I think that Rock and Rock n’ Roll music has a life all its own. I can remember the last generation calling it “Jungle music” and “Garbage” as they compared it to the music of their youth with performers like Frank Sinatra, Perry Como and the like. I guess that some of that could be true, but in the end, each generation has a message, a soul that is fed by music, by lyrics and by our own revered performers. No doubt the movements of the sixties and the seventies brought a message to our songs and influenced it heavily. But later, that era has been immortalized further if that can be true by songs paying homage to the songs and the performers. Now I hope that I have piqued your interest. If so, then read on and you’ll see what I mean.
LIFE IS A ROCK – Reunion/Joey Levine
For those of you who don’t know, Joey Levine was a singer who gave us such great hits as, “Yummy, yummy,yummy, I got love in my tummy” and some other bubblegum type tunes. “Life is a rock but the radio rolled me. Gotta turn it up louder so my DJ told me,” not really a composition that gets remembered like others, but here, Levine and his backups really dove into some history and sort of in rap fashion lines up a wild roster of rock and roll legends like Nilsson, Mott the Hoople, Richie Valens, and then goes into some period dances like the locomotion and the shimmy, and then goes further and hits on FM and AM radio, greeting and salutations, take me higher and rolls right back into Leon Russell. Even Doris Day gets a mention. It is a very imaginative song that reflects music and trends as well as a life long past.
ROCK & ROLL HEAVEN – The Righteous Brothers.
“If you believe in forever, then life is just a one night stand.” This is the opening line to a song that lovingly brings you to a few musical eras. It is a tribute to so many great performers like Otis Redding, Janis Joplin, Bobby Darin and others. Each mention is of a different genre, a different style but a simple, unique measure of greatness and influence. Delivered masterfully by this blue-eyed soul group this is a tribute like no other because of the range of artists it covers. Listen to it a few times so you can really appreciate not only musicians named, but also to listen to a really great song, two perfectly blended voices and a journey through a time in music that has since not been matched.
EMPTY GARDEN – Elton John
The ultimate tribute to John Lennon. The music, the lyrics and the symbolism all merge into what is actually an excellent tune that tugs at your heartstrings. There were a few songs released about Lennon’s murder the best known other than this, “All Those Years Ago” by George Harrison, but this is the definitive one, personifying Lennon as a farmer, “A gardener that cared a lot…a gardener like that no one can replace. Elton John wrote and recorded tributes to Marilyn Monroe and then rewrote that one for Princess Diana, but this one song of his really hits home and uses symbolism just perfectly which is kind of a symbol in itself for that time in our lives.
VINCENT – Don McLean
Think of Don McLean and your immediate thought goes to “American Pie” a song about the day the music died in a plane crash taking the lives of Buddy Holly, Richie Valens and The Big Bopper. A great song it is but I think that with this one, about the tortured life of Vincent Van Gogh, McLean hit an even higher point. Maybe because of the subject matter which opened our eyes to mental illness and how it had been a problem for so many in the past. Here he paints a picture of the artist and his work while all the while Van Gogh lived in virtual poverty and suffered immeasurably. One of the last lines of the song, “I could have told you Vincent, this world was never meant for one as beautiful as you,” is an even sadder comment than the one that mentions the fact that Van Gogh did kill himself. But the lyrics, the background music and McLean’s voice all blend to make this a very powerful ballad, a tribute to a man whose greatness was only realized after his death, and a soulful almost haunting comment on his life and struggles.

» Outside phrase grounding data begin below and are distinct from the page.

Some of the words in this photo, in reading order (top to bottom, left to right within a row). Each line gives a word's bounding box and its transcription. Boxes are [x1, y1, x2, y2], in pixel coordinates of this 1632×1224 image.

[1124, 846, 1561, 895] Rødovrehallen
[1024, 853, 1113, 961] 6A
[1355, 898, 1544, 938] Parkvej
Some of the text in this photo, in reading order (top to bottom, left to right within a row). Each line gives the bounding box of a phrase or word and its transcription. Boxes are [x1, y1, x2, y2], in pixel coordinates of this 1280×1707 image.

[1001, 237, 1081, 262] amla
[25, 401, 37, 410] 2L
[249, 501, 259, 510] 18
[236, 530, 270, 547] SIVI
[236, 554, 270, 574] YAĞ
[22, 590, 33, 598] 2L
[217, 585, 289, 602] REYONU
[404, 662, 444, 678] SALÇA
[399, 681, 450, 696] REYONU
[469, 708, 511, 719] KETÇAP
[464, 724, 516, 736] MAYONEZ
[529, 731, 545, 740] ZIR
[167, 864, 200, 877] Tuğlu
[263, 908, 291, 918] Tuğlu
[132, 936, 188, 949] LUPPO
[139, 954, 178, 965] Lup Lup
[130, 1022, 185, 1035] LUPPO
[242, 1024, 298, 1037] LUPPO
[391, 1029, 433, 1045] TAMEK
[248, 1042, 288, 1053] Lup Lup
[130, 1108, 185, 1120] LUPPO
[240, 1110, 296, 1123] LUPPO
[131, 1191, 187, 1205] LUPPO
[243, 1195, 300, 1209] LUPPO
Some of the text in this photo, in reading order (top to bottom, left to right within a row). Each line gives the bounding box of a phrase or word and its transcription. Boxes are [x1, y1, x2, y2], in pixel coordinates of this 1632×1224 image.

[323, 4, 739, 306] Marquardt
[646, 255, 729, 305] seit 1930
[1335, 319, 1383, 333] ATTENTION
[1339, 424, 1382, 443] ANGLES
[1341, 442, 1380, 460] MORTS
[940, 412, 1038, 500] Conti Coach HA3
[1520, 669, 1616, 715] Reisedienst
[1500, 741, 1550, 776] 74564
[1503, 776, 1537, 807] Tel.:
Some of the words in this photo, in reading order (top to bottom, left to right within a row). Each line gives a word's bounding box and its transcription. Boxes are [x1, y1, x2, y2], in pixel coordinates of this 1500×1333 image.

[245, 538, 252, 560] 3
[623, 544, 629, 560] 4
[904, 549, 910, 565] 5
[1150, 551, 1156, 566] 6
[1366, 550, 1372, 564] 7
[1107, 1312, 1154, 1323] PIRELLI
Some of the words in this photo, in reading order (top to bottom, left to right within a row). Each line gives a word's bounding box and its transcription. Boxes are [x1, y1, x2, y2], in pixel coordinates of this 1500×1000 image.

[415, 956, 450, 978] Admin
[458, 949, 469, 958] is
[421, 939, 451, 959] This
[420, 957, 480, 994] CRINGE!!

ABRAHAM, MARTIN and JOHN – Dion DiMucci
Better known only as Dion, formerly as Dion and the Belmonts, this Bronx born Rock and Roll idol put it all together in one of my favorite songs of all time. Often called the “Liberal’s Lament” this song deals with the tragic deaths of three American leaders, Abraham Lincoln, Martin Luther King, Jr. and John F. Kennedy. Each one is praised in this song as a leader, as a person who fought for freedom and was killed before his dream could be realized. It is kind of a quirky song though because each verse is virtually the same and it ends with the three of them walking over a hill as they wander into history. “Didn’t you love the things that they stood for…”
So, there you have it, a nice list of songs you can listen to on maybe a rainy day to bring back some memories of your youth. In a way they may bring a tear to your eye, but that’s okay. They were written and performed as a tribute, and like any tribute, those being feted were no longer with us. There are a lot of others too. Maybe some other time.